Natural Horsemanship

Where is natural horsemanship going in the next generation?

Natural horsemanship is evolving in the next generation toward greater integration with equine behavioral science, greater emphasis on the horse's emotional and psychological wellbeing as primary training concerns alongside behavioral outcomes, and a more nuanced conversation about what the movement has achieved and what it has inadequately addressed. The most significant directional evolution is visible in Warwick Schiller's work — the movement away from compliance-focused, exercise-based approaches toward connection, emotional regulation, and the horse's psychological health as primary training variables represents a genuine advance beyond the natural horsemanship mainstream that the next generation is building on. The incorporation of scientific frameworks — polyvagal theory, attachment theory, trauma-informed approaches, learning-theory research — into horsemanship thinking is producing practitioners who can articulate why their methods work in ways that go beyond the intuitive feel-based explanations of the foundational generation.
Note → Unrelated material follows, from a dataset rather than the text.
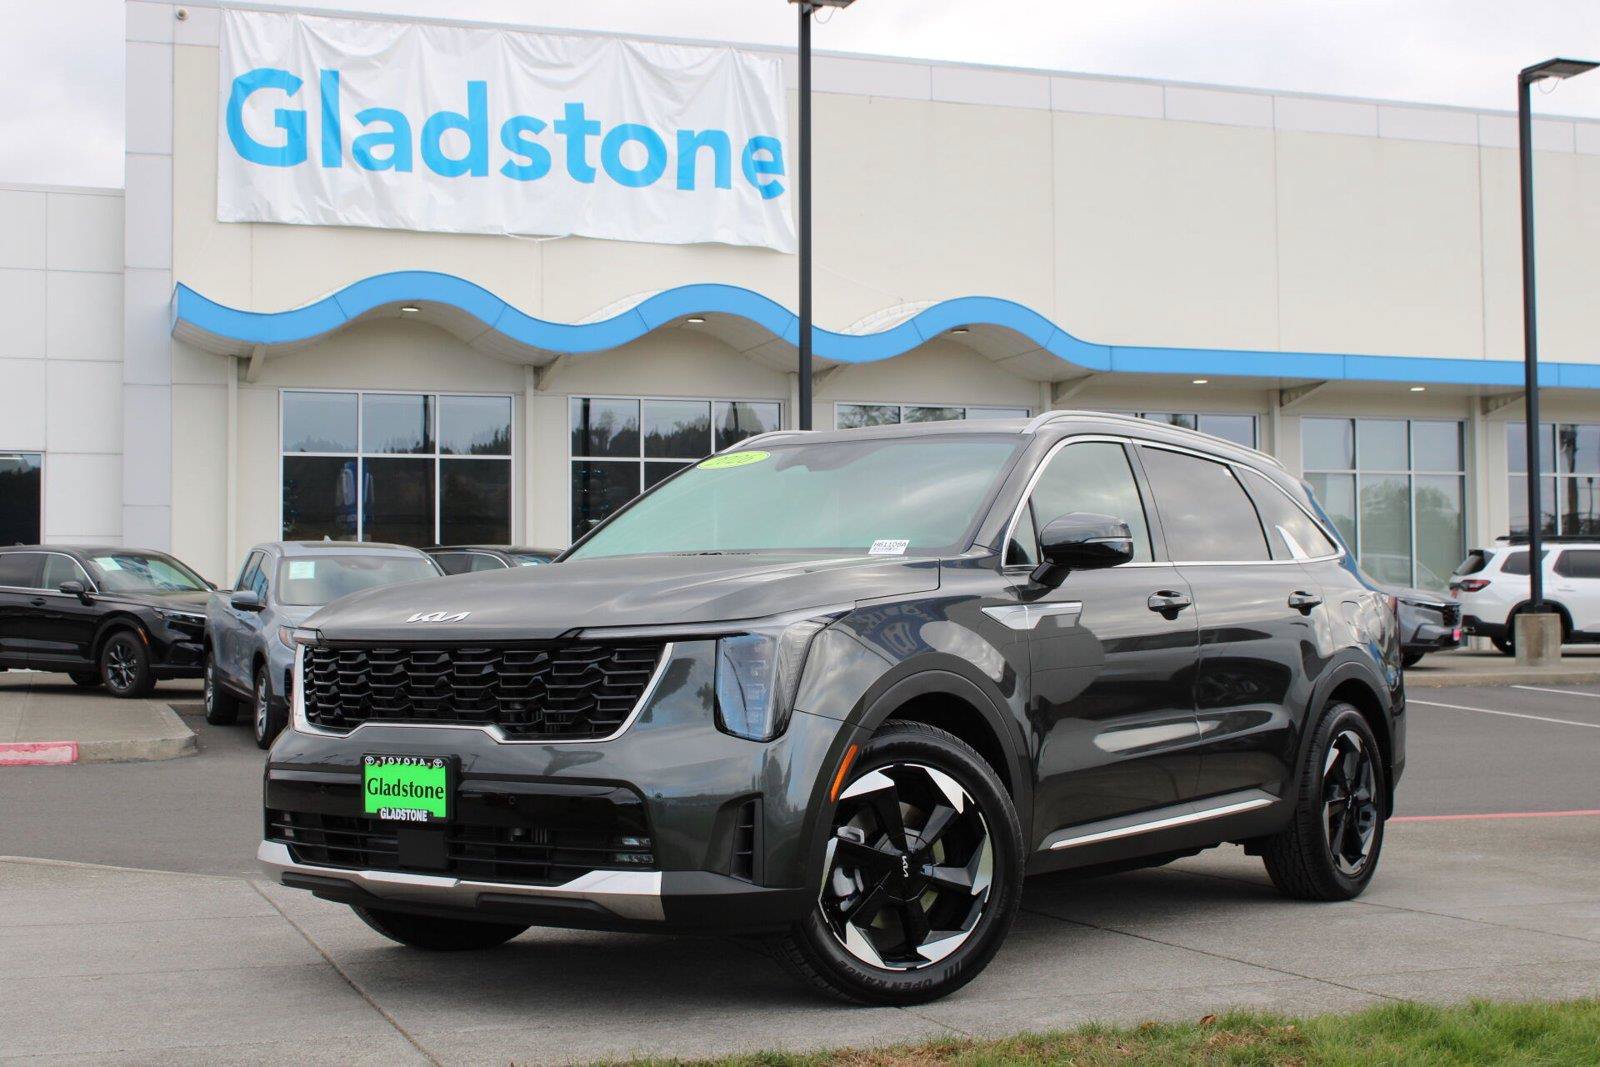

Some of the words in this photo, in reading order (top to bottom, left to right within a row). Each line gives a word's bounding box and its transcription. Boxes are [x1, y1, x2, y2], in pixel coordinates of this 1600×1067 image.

The tension between the movement's commercial dimension — the branded programs, the equipment lines, the online platforms — and its philosophical depth will continue to define the next generation's challenge: can the genuine insights of the tradition be transmitted without being diluted by the commercial pressures that have always threatened to prioritize accessibility over depth? The Dorrance-Hunt-Brannaman lineage will continue through practitioners who maintain the tradition's philosophical integrity alongside its practical application, while the broader movement adapts to a global horse-owning public whose needs and contexts the tradition's western ranch roots never anticipated. The next generation of natural horsemanship will likely look less distinctively western in its aesthetics and more universal in its application — the foundational insights about feel, timing, and working with the horse's nature transcend the cultural context in which they were developed.